Considérant que la circonstance, à la supposer établie, que la commune aurait demandé la réalisation d'un second remembrement et que, dans cette hypothèse, la longueur des chemins ruraux, qui est actuellement de 47 kilomètres, serait divisée par trois, est sans incidence sur la légalité de la décision attaquée ;

Considérant qu'il résulte de ce qui précède que la COMMUNE DE DANNEVOUX n'est pas fondée à soutenir que c'est à tort que, par le jugement attaqué en date du 22 décembre 2009, le Tribunal administratif de Nancy a annulé la décision implicite par laquelle le maire de la COMMUNE DE DANNEVOUX a rejeté la demande de M. A, reçue le 10 janvier 2008, tendant à la remise en état des chemins ruraux de la commune et a mis à sa charge la somme de 1 200 euros au titre de l'article L 761-1 du code de justice administrative ;

Sur l'application des dispositions de l'article L. 761-1 du code de justice administrative :

Considérant qu'il y a lieu, dans les circonstances de l'espèce, de mettre à la charge de la COMMUNE DE DANNEVOUX la somme de 1 500 euros au titre des frais exposés par M. A et non compris dans les dépens en application des dispositions de l'article L. 761-1 du code de justice administrative ;

D E C I D E :

Article 1er : La requête de la COMMUNE DE DANNEVOUX est rejetée.

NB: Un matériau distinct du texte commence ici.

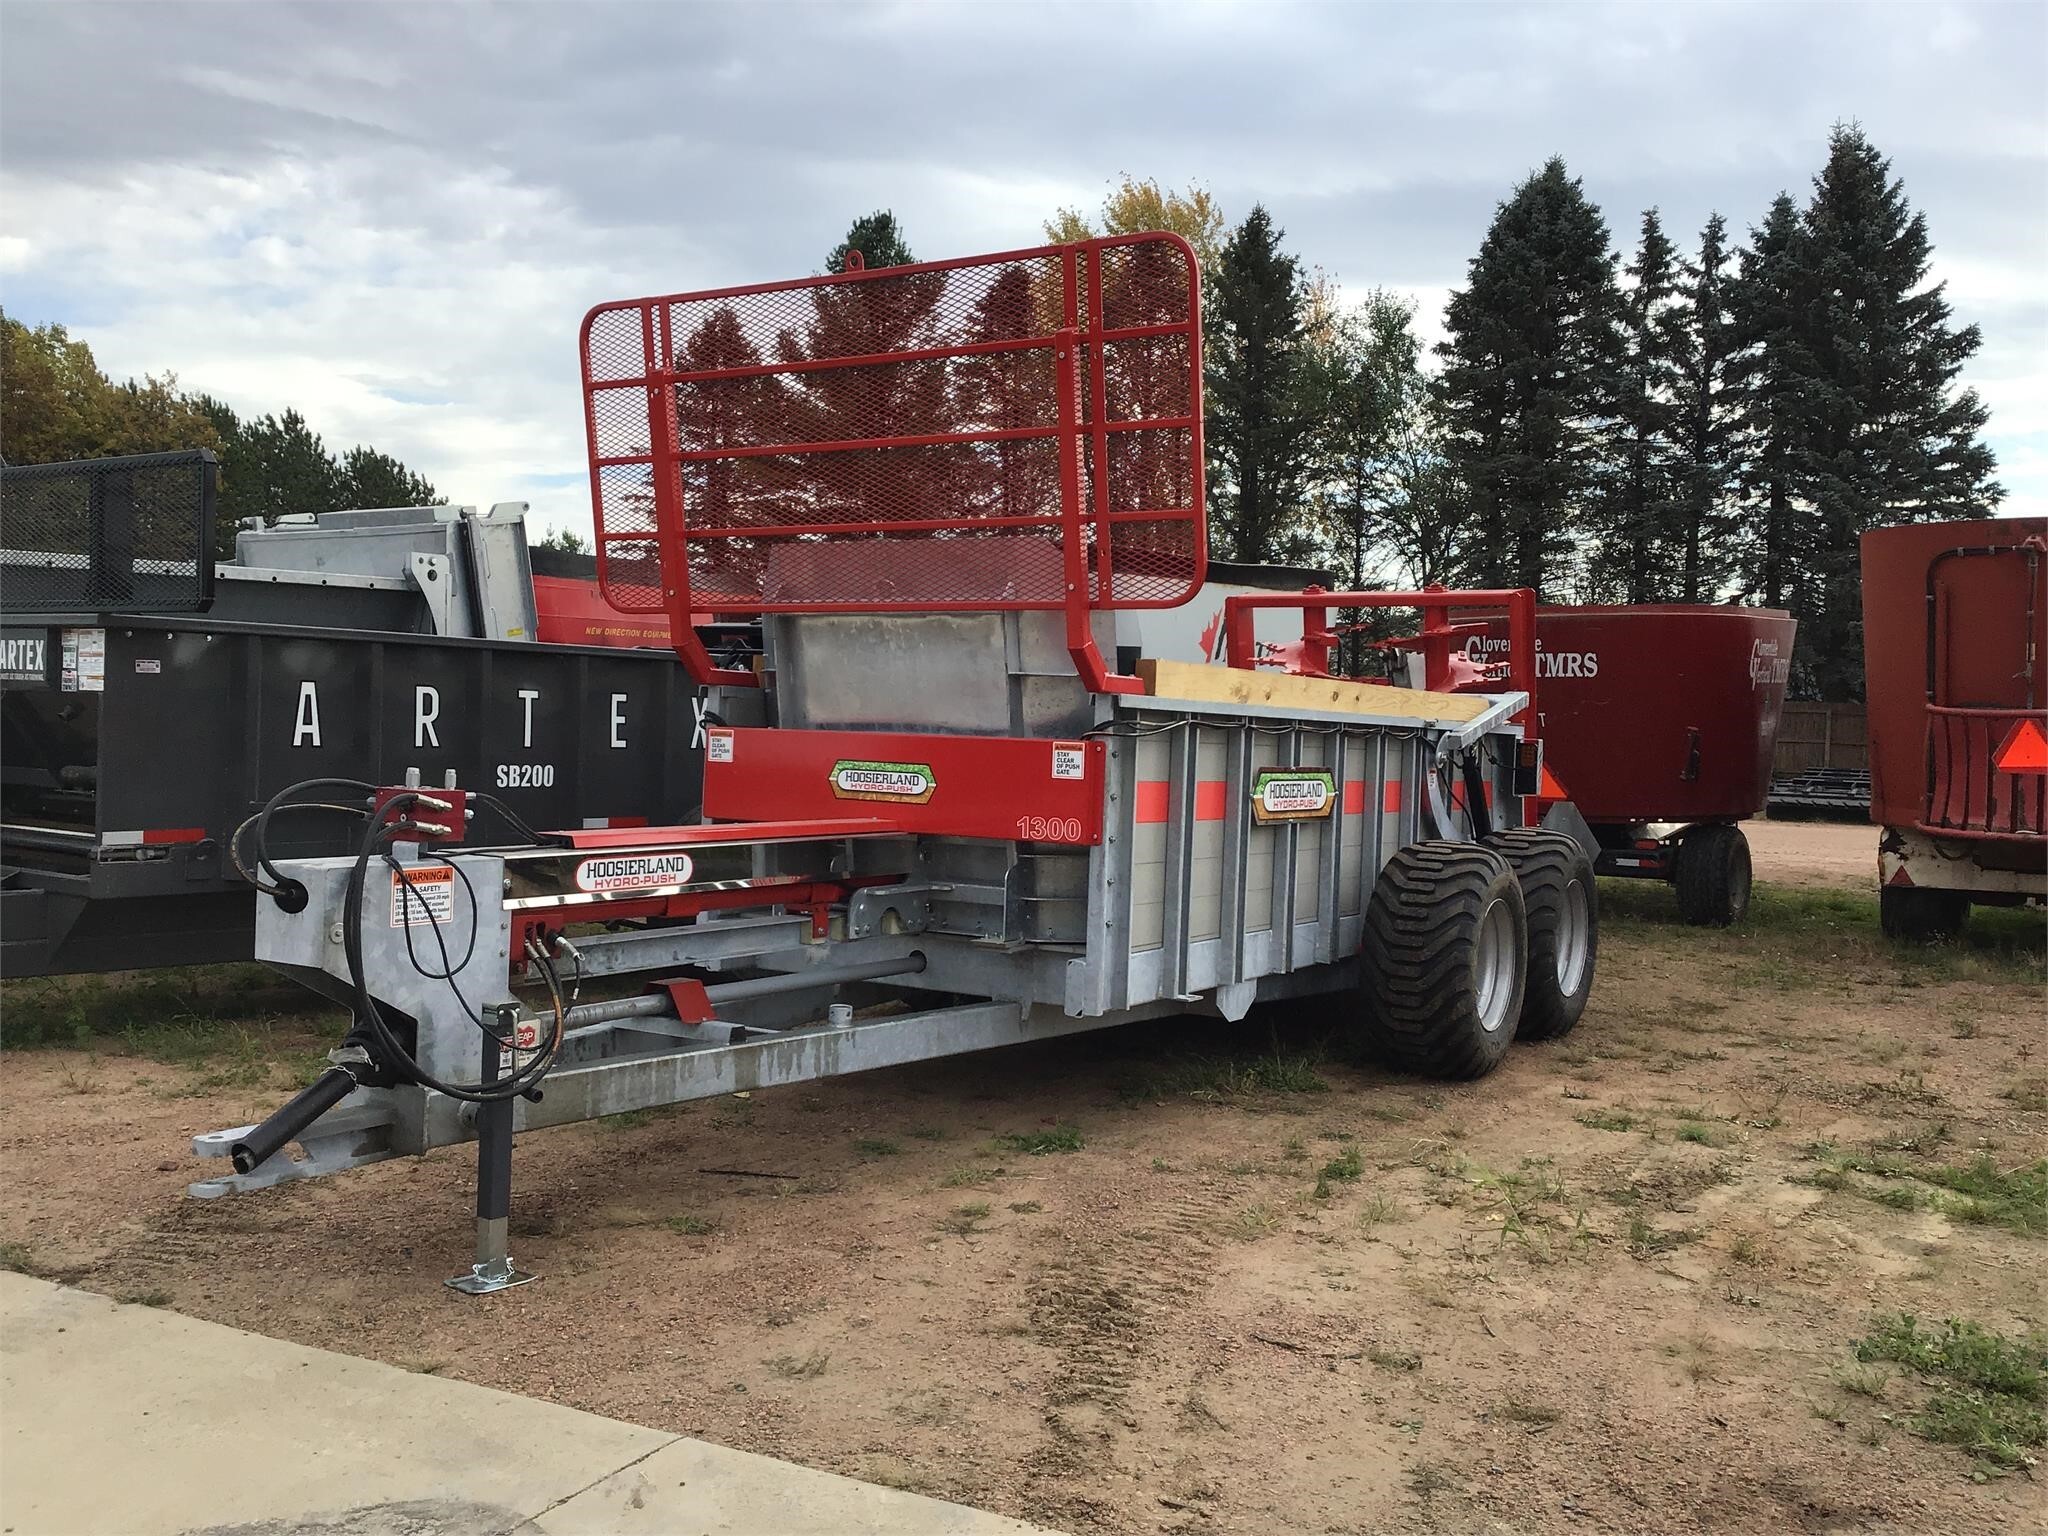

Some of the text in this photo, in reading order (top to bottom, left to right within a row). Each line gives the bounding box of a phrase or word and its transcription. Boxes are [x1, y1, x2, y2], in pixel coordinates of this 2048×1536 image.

[585, 627, 672, 640] NEW DIRECTION EQUIPME
[0, 640, 44, 670] ARTEX
[496, 764, 554, 788] SB200
[845, 771, 919, 786] HOOSIERLAND
[850, 783, 913, 792] HYDRO-PUSH
[1269, 783, 1322, 799] HOOSIERLAND
[1273, 799, 1318, 809] HYDRO-PUSH
[1016, 815, 1082, 842] 1300
[586, 856, 684, 879] HOOSIERLAND
[405, 871, 442, 881] WARNING
[594, 874, 677, 889] HYDRO-PUSH

Article 2 : La somme de 1 500 € (mille cinq cents euros) est mise à la charge de la COMMUNE DE DANNEVOUX au titre de l'article L. 761-1 du code de justice administrative.

Article 3 : Le surplus des conclusions de M. A est rejeté.

Article 4 : Le présent arrêt sera notifié au maire de la COMMUNE DE DANNEVOUX et à M. François A.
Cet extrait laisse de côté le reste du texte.